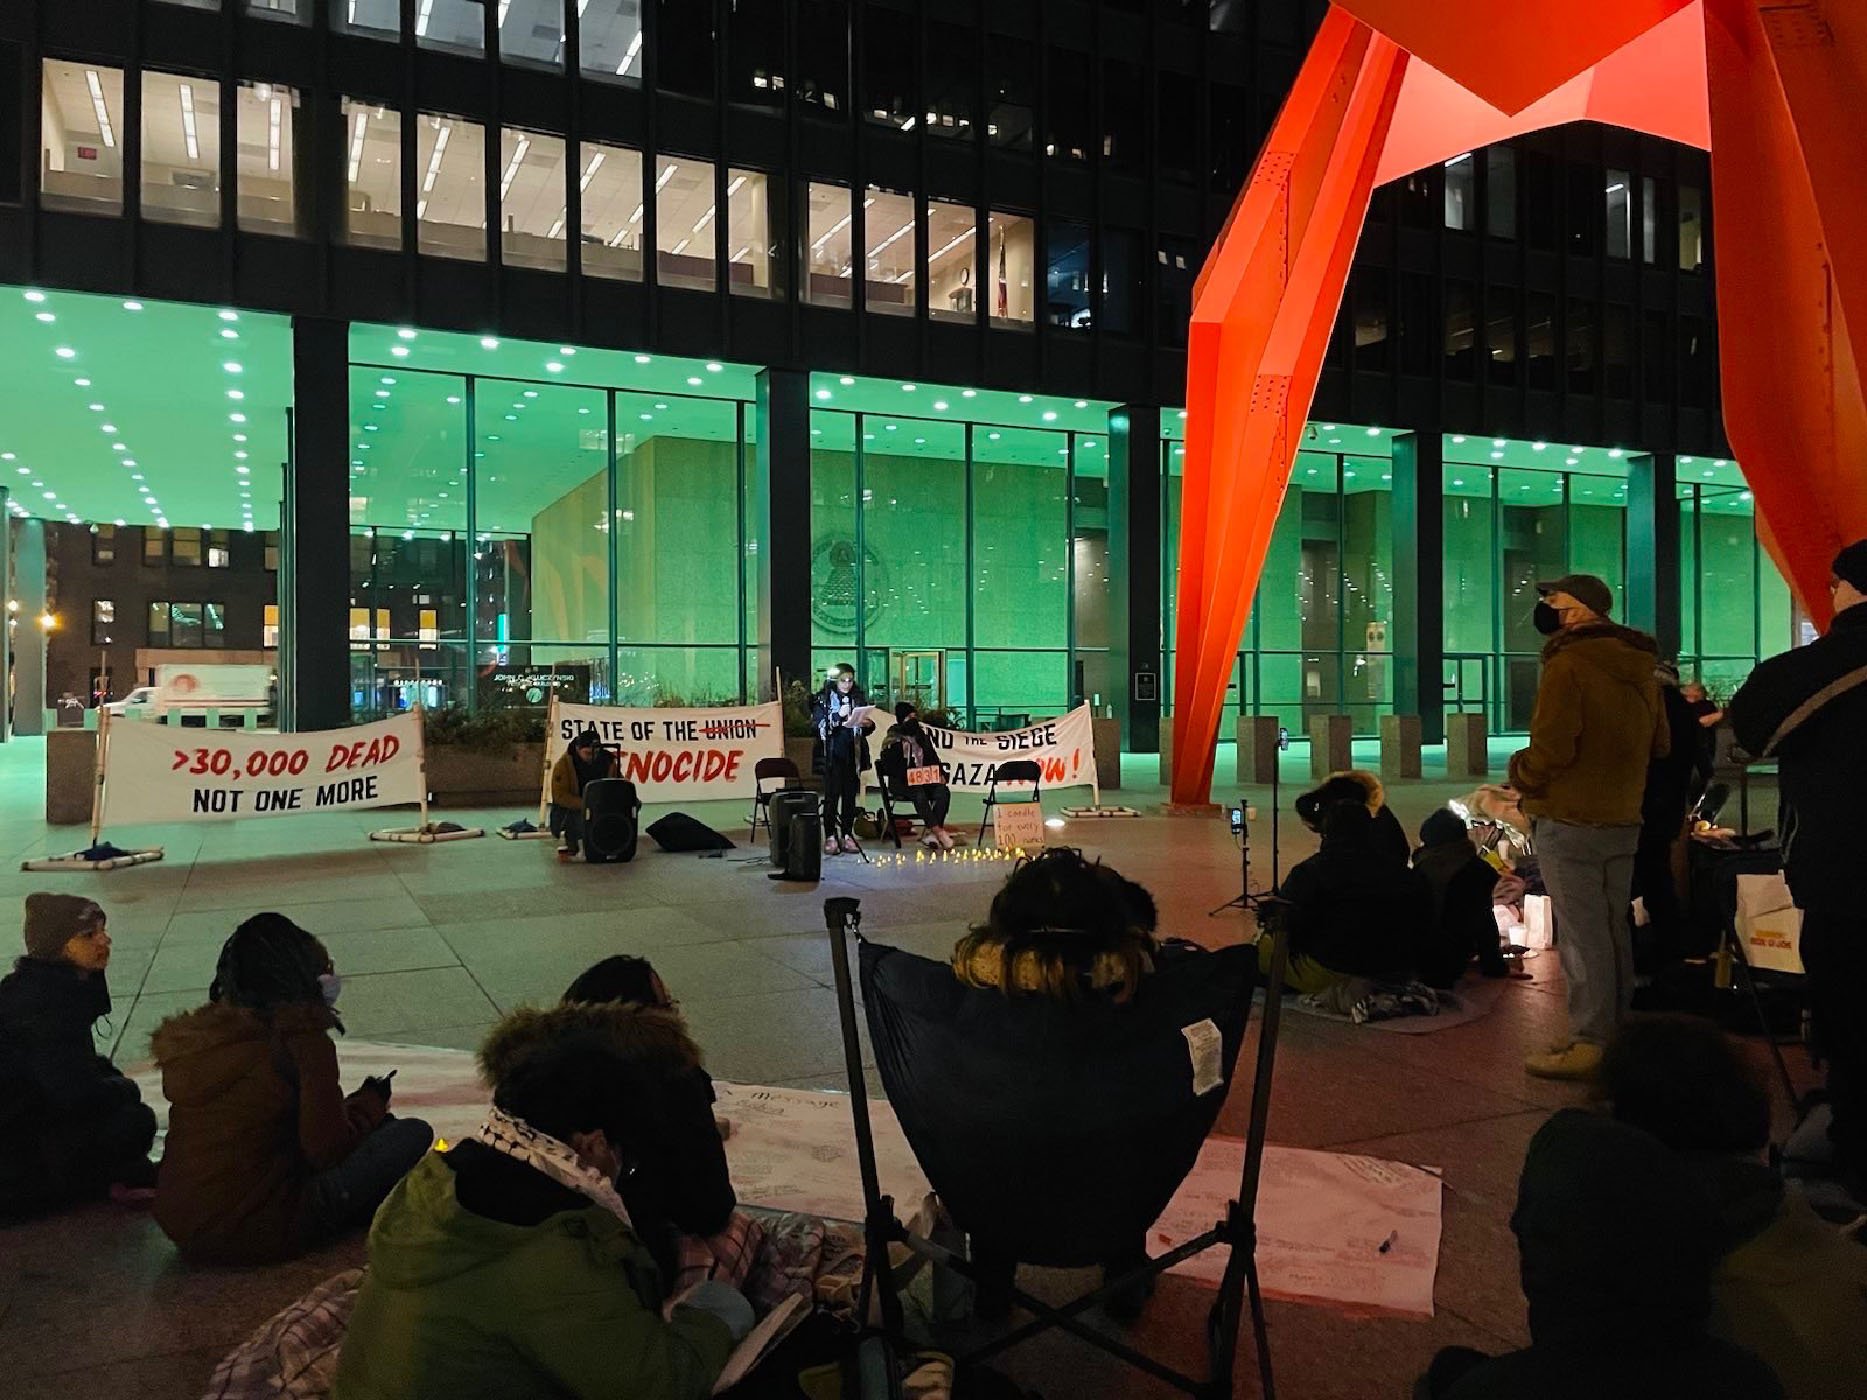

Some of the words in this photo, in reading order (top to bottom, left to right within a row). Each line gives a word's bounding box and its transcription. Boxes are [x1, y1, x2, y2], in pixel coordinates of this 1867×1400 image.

[561, 719, 625, 741] STATE
[631, 721, 656, 741] OF
[663, 720, 699, 742] THE
[705, 719, 757, 739] UNION
[923, 726, 954, 750] ND
[964, 735, 988, 746] THE
[999, 722, 1058, 750] SIEGE
[172, 748, 309, 781] >30,000
[325, 734, 400, 773] DEAD
[617, 750, 745, 784] NOCIDE
[193, 788, 244, 813] NOT
[255, 788, 304, 812] ONE
[316, 776, 379, 808] MORE

### WHAT TO DO
All of the material above is to be copied exactly, with no pictures.

### RESPONSE AREA
Some of the words in this photo, in reading order (top to bottom, left to right within a row). Each line gives a word's bounding box and its transcription. Boxes are [x1, y1, x2, y2], in pixel coordinates of this 1867×1400 image.

[561, 719, 625, 741] STATE
[631, 721, 656, 741] OF
[663, 720, 699, 742] THE
[705, 719, 757, 739] UNION
[923, 726, 954, 750] ND
[964, 735, 988, 746] THE
[999, 722, 1058, 750] SIEGE
[172, 748, 309, 781] >30,000
[325, 734, 400, 773] DEAD
[617, 750, 745, 784] NOCIDE
[193, 788, 244, 813] NOT
[255, 788, 304, 812] ONE
[316, 776, 379, 808] MORE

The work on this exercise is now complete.